Research Interests

Hypoxia-inducible factor (HIF) is a protein that helps cells respond to changes in oxygen levels. It is made up of two parts, HIF-α and HIF-β, and its stability is controlled by enzymes called prolyl hydroxylases (PHDs or HIFP4H). Under normal oxygen conditions, PHDs promote the breakdown of HIF, keeping its activity low. However, when PHDs are inhibited, HIF becomes stable and active, which can help treat conditions like ischemic diseases and oxidative stress-related disorders. Despite the potential, many drugs targeting PHDs have shown side effects, such as liver issues and high blood pressure. To address these challenges, our research focuses on exploring the chemical space of natural products as potential PHD inhibitors. We aim to identify new small-molecule drugs that selectively target PHD isoforms and design their biosynthetic pathways in collaboration with experimental research groups to develop safer and more effective therapies.

Retinol-binding proteins (RBPs) play a critical role in the uptake, transport, and metabolism of dietary retinoids (vitamin A and its derivatives). These proteins are implicated in various diseases and metabolic syndromes, including obesity, cardiovascular diseases, and macular degeneration. Interestingly, recent findings revealed that RBPs also interact with lipids, suggesting their broader role in lipid metabolism and signaling. Despite this, the molecular mechanisms underlying the distinct binding of RBPs to retinoids and non-retinoids remain largely unknown. To address this gap, our research aims to unravel these molecular mechanisms. Building on our findings, we also seek to discover a novel class of RBP antagonists to selectively modulate their activity in disease states.

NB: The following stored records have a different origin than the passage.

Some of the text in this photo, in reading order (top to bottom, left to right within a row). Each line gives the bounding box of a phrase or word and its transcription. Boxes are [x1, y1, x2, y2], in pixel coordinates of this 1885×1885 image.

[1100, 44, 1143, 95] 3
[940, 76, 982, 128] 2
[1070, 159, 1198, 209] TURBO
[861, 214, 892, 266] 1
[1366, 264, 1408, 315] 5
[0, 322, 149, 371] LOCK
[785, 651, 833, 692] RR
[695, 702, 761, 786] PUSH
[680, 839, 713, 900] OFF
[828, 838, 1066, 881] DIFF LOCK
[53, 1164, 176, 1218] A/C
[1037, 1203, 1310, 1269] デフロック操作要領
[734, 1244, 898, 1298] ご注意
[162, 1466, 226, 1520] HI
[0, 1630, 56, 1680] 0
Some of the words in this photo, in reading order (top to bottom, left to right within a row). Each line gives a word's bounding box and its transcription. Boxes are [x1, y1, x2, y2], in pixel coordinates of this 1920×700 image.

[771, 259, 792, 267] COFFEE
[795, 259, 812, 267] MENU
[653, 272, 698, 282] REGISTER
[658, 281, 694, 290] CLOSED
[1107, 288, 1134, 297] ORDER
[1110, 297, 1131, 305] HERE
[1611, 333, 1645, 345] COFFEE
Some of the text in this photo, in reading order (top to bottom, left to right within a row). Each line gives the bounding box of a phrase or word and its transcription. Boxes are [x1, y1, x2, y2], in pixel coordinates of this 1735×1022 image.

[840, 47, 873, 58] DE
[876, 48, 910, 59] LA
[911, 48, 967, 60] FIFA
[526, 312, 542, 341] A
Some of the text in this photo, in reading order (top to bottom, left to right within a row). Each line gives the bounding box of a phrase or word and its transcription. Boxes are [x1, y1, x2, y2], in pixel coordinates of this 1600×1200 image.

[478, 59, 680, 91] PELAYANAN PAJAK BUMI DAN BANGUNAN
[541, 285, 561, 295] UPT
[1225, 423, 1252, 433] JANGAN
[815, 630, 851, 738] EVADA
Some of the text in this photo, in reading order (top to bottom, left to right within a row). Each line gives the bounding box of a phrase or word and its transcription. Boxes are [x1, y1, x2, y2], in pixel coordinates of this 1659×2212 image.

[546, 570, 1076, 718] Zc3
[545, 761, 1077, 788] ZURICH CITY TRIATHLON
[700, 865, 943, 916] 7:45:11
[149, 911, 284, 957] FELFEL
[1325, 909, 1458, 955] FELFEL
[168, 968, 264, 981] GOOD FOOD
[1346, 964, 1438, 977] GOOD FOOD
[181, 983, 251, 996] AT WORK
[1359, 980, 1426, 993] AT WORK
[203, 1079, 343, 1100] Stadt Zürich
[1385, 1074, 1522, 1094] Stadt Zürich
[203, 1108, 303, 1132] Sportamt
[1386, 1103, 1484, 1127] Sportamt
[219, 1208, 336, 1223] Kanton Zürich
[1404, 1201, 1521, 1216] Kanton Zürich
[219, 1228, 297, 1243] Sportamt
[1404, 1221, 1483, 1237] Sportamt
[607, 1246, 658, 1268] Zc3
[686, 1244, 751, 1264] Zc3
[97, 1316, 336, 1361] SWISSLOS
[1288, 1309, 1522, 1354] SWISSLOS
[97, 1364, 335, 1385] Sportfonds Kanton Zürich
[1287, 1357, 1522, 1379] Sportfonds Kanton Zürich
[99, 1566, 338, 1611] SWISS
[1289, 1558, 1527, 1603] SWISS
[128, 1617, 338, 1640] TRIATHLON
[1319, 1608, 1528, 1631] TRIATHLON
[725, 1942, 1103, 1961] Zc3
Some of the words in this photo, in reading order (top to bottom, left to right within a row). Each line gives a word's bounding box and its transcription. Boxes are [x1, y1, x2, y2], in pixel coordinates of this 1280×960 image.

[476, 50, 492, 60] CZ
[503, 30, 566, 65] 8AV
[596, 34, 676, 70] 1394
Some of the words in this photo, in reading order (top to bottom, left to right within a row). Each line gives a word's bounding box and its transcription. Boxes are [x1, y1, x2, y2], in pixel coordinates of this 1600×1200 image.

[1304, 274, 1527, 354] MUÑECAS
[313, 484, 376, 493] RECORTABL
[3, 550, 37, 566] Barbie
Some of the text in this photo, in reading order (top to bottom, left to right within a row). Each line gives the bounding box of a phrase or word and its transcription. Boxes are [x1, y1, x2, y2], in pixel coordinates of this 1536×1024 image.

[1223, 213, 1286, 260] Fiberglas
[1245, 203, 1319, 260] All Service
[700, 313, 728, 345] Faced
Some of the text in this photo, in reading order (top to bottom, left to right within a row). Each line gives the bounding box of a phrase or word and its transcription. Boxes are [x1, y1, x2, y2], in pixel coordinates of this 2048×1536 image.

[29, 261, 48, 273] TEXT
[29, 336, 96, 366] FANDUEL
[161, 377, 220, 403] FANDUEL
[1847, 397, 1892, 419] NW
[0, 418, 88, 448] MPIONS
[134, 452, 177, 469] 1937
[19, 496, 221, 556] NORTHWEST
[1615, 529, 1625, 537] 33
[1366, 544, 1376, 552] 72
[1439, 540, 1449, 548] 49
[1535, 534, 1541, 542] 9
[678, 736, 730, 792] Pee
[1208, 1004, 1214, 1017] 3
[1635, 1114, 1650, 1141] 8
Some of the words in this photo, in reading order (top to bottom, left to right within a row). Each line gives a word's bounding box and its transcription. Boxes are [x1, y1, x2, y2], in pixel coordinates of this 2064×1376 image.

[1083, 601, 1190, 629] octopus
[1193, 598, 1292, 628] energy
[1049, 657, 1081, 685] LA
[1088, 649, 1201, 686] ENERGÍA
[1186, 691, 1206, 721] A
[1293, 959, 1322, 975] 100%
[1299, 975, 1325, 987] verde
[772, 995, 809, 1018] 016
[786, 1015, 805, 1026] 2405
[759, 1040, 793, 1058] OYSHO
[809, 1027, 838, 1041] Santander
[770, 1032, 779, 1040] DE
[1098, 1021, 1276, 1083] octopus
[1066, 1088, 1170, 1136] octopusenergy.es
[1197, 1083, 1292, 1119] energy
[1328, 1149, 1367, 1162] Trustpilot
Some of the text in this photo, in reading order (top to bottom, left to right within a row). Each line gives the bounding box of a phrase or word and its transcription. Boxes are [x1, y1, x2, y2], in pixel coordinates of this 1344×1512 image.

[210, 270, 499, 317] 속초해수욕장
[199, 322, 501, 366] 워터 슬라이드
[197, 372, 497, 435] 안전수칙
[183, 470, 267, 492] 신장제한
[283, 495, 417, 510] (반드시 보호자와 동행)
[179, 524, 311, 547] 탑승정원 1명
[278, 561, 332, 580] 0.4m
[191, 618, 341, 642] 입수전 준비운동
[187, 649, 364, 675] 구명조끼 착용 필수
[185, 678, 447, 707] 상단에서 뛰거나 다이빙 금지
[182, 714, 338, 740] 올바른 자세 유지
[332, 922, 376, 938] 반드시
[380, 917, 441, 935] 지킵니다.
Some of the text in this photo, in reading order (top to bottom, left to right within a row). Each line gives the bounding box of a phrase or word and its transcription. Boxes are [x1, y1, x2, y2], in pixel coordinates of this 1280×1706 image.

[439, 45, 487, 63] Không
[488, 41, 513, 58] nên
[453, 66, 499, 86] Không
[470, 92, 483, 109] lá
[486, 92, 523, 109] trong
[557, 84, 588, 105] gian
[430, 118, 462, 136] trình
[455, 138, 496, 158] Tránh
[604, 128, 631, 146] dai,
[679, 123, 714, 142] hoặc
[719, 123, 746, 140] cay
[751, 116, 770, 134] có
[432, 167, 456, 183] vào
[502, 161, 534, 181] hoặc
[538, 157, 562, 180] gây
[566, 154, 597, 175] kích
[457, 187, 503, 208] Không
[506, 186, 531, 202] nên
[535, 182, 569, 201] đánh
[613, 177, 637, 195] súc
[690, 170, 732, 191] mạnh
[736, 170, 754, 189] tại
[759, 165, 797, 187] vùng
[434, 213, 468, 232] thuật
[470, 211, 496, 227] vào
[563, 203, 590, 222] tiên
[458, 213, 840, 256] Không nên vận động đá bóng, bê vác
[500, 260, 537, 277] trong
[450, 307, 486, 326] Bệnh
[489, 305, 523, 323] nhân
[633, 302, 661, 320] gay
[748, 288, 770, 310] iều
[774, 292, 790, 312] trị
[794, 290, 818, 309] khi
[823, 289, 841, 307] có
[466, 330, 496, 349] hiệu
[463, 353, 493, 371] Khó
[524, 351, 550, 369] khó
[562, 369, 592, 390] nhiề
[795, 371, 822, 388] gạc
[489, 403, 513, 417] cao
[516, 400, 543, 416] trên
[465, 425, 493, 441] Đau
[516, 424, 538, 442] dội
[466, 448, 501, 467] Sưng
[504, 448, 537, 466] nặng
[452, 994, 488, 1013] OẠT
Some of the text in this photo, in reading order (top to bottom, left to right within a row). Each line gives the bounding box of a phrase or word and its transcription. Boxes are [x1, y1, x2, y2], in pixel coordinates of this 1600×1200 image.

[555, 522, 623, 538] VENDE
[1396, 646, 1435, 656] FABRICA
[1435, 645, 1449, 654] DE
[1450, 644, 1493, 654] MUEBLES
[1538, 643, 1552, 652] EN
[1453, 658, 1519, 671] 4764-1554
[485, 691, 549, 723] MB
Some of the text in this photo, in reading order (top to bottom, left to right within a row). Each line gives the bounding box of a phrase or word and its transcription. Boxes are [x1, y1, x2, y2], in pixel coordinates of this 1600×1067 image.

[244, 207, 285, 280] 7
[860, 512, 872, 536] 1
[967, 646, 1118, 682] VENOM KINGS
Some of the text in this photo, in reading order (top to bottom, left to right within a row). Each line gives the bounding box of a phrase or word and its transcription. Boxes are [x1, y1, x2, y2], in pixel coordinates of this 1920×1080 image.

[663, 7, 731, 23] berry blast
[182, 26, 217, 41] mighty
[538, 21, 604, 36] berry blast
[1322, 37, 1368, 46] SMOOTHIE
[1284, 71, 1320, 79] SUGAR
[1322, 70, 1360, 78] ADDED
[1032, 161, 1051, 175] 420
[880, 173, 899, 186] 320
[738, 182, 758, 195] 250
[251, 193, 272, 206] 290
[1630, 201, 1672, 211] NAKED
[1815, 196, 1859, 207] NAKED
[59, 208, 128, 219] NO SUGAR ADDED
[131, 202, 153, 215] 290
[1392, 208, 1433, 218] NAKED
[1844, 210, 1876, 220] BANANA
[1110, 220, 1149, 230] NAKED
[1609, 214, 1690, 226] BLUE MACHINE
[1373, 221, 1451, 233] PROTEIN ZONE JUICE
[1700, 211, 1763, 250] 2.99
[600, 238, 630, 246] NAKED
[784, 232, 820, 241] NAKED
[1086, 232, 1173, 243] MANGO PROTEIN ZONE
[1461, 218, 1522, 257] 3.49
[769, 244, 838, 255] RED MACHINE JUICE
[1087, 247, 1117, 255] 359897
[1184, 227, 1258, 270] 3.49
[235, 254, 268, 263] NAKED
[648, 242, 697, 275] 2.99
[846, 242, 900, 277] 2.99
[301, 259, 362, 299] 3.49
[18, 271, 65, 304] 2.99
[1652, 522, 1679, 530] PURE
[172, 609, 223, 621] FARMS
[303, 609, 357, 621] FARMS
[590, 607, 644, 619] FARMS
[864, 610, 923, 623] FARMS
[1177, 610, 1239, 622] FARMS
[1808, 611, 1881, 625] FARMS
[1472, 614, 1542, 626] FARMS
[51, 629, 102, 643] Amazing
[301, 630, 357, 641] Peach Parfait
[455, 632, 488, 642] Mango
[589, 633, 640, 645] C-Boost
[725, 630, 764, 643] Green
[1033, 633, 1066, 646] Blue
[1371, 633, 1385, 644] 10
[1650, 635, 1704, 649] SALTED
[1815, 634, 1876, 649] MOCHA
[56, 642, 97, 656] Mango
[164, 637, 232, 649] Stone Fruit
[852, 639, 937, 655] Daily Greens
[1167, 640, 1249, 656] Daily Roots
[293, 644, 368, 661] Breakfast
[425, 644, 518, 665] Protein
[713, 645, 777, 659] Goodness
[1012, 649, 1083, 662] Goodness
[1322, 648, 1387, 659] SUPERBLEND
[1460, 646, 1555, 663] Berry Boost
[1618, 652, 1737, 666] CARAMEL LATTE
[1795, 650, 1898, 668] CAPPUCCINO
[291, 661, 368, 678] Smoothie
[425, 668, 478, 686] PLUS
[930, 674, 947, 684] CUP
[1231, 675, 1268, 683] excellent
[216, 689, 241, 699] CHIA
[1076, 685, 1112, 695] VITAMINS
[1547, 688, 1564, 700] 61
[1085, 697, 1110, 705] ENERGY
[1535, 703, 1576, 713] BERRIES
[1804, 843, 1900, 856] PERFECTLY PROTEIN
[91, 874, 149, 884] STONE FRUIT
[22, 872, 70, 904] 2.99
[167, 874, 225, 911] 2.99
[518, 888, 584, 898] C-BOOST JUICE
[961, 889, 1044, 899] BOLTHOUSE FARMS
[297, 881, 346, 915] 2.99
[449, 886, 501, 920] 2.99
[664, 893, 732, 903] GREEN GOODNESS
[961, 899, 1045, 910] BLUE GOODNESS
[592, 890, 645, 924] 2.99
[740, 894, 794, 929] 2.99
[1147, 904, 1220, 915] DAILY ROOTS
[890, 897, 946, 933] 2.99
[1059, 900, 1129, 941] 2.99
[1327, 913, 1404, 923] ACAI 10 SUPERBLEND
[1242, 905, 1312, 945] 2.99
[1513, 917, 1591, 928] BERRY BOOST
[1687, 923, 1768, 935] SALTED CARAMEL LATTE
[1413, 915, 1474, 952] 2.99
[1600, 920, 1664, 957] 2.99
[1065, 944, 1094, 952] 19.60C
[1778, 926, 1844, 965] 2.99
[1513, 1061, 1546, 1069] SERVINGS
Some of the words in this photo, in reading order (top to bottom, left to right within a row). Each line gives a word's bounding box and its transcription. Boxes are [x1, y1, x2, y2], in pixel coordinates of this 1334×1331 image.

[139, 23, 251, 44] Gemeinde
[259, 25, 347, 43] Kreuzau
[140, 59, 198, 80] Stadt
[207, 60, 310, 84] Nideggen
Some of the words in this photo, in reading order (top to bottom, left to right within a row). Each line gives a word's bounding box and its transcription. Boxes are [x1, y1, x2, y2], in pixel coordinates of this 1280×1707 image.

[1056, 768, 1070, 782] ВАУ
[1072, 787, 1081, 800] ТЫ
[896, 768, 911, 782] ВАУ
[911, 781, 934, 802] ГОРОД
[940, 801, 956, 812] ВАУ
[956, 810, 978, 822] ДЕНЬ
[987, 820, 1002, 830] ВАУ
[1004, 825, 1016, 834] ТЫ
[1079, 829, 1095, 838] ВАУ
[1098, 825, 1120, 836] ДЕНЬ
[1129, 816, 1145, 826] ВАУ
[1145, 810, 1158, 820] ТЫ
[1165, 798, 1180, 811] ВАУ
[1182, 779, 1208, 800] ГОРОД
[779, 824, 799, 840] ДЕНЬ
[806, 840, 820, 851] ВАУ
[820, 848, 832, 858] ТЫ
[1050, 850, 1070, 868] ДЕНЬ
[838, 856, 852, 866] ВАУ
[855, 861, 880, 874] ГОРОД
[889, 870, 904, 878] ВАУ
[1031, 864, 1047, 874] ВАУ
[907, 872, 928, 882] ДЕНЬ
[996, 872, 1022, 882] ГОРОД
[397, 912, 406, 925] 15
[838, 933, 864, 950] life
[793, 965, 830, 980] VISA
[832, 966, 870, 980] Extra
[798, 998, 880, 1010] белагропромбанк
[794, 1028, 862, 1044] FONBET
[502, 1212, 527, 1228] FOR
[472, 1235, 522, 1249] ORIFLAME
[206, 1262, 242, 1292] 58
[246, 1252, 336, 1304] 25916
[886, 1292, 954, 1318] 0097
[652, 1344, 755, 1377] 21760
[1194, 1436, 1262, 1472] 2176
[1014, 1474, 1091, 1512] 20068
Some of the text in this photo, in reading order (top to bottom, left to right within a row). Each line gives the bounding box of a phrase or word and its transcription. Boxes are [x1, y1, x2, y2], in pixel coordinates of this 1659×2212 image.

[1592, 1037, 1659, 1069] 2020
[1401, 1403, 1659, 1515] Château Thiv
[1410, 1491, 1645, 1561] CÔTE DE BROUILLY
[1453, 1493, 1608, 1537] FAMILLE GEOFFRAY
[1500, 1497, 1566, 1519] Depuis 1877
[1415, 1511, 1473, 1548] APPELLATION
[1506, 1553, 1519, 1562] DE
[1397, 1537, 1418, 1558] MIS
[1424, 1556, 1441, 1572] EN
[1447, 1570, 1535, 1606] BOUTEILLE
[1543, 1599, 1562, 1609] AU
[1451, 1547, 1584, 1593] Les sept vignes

Exploring biomolecular dynamics often involves overcoming challenges posed by energy landscapes with multiple metastable states separated by large energy barriers. These barriers slow down molecular dynamics (MD) simulations and can lead to significant statistical errors when measuring important properties. To address these challenges, enhanced sampling techniques that use collective variables (CVs) have become standard practice. However, identifying good CVs for complex biomolecular systems is not trivial when relying solely on physical intuition. To simplify this process, Oh et al. developed a new method called gradient descent-based multiclass harmonic linear discriminant analysis (GD-HLDA). This approach uses harmonic mean approaches for both within-class and between-class variances and relies on gradient descent on the Stiefel manifold to automatically identify the orthonormal basis vectors for the linear transformation. Our research aims to establish a solid theoretical foundation for GD-HLDA, optimize the method further to enhance its accuracy and efficiency, and validate its broad applicability and high interpretability across a wide range of chemical and biological systems.